Pharmacokinetics study and safety evaluation of desaminotyrosine in rat

The study aims to investigate the pharmacokinetics (PK) and preliminary safety of desaminotyrosine (DAT) in Sprague-Dawley (SD) rats and establish an ultra performance liquid chromatography-tandem mass spectrometry (UPLC-MS/MS) method for determining DAT content in blood and tissues, obtaining pharmacokinetic parameters and tissue distribution characteristics of DAT in rats after intragastric administration of three single doses and multiple doses. Evaluate the safety after 7 days of administration, including general condition, toxic reactions and mortality, organ-to-body weight ratios, hematological parameters, blood biochemistry and electrolyte levels, as well as observe pathological changes in organs.

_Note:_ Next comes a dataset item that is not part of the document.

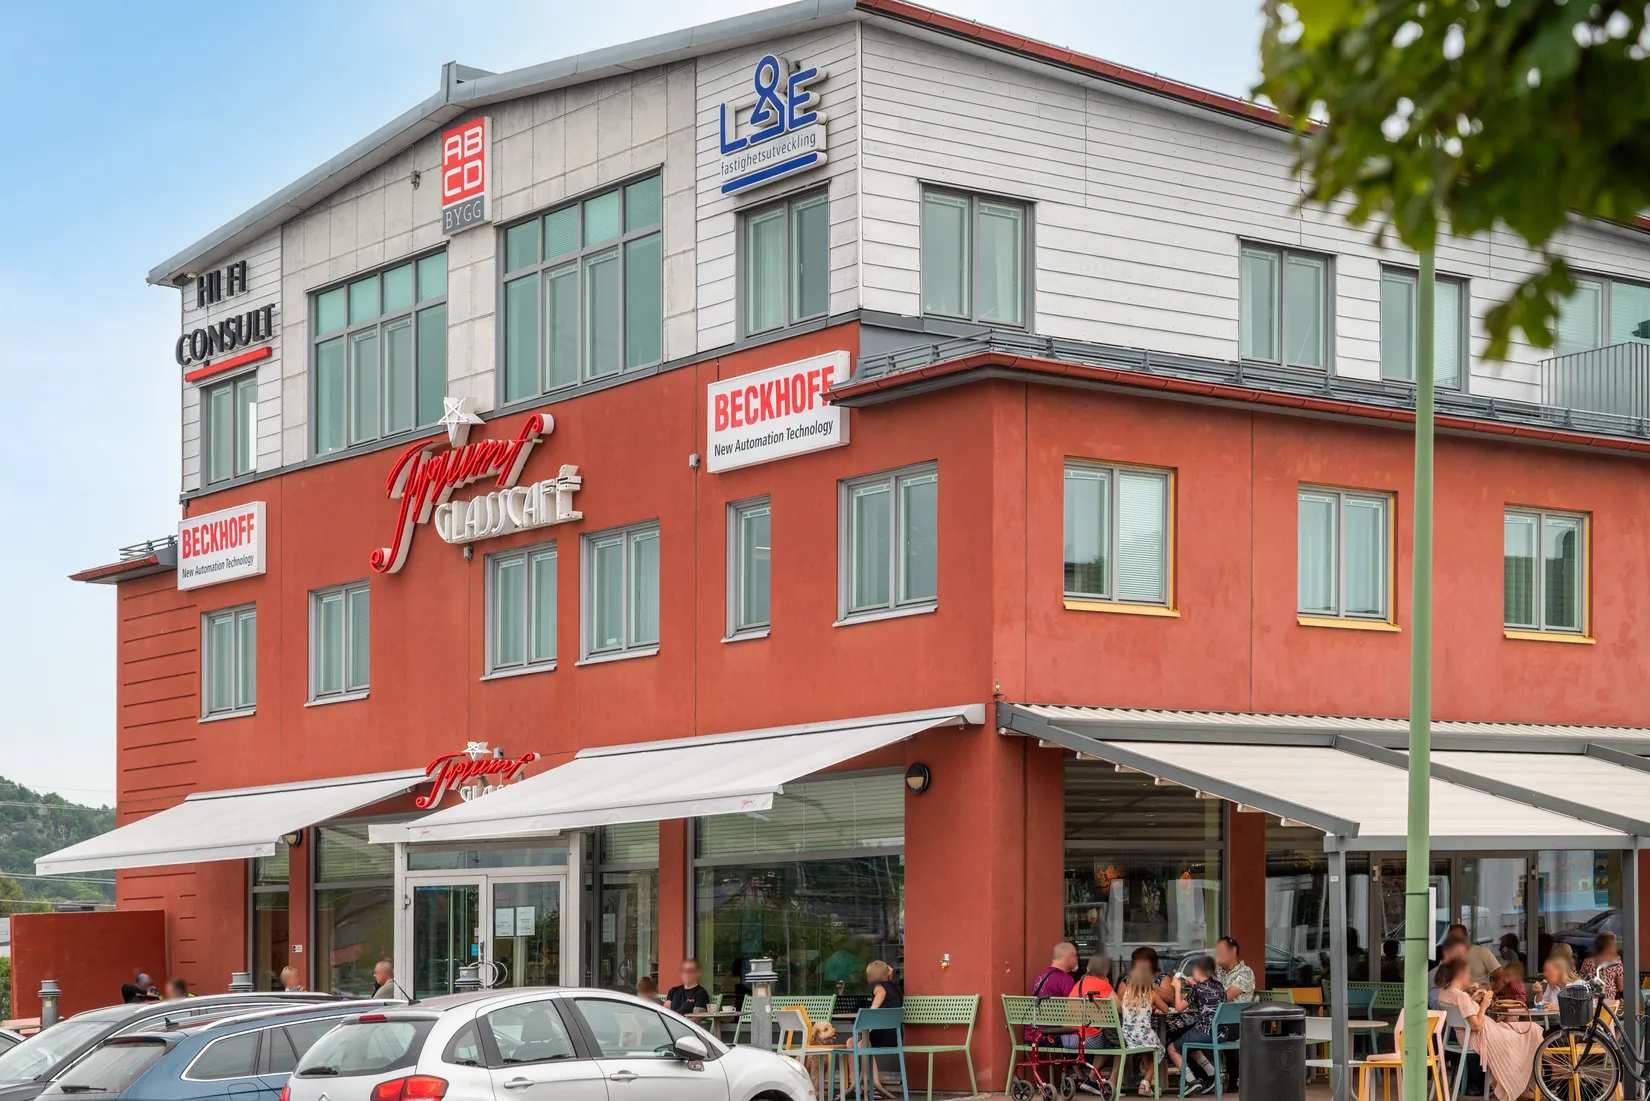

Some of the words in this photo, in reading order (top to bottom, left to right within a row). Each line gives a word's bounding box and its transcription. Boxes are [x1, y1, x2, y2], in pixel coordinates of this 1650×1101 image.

The results indicated that the detection methods conformed to the requirements for biological sample analysis. The absorption and elimination of DAT in rats occurred rapidly, with PK parameters such as C_max and AUC_0-t values increasing in accordance with the dose ratio. No significant differences were observed between single and multiple administrations. DAT was primarily distributed in the kidneys > liver > testes > lungs > heart > spleen, with minimal penetration through the blood-brain barrier. Administration for 7 days at doses ≥100 mg·kg^-1·d^-1 induced gastrointestinal irritation, body weight loss, and liver/kidney injury. The UPLC-MS/MS analysis in the study was sensitive, accurate, and rapid. The PK parameters aligned with a linear PK profile at single doses ranging from 25 to 125 mg·kg^-1, with no accumulation observed after multiple doses. DAT demonstrated good safety at the dose of 50 mg·kg^-1·d^-1, which will provide a basis for further development of its pharmaceutical value. This experiment was approved by the Laboratory Animal Ethics Committee of Guangdong Provincial Hospital of Traditional Chinese Medicine (Grant No: 2021042).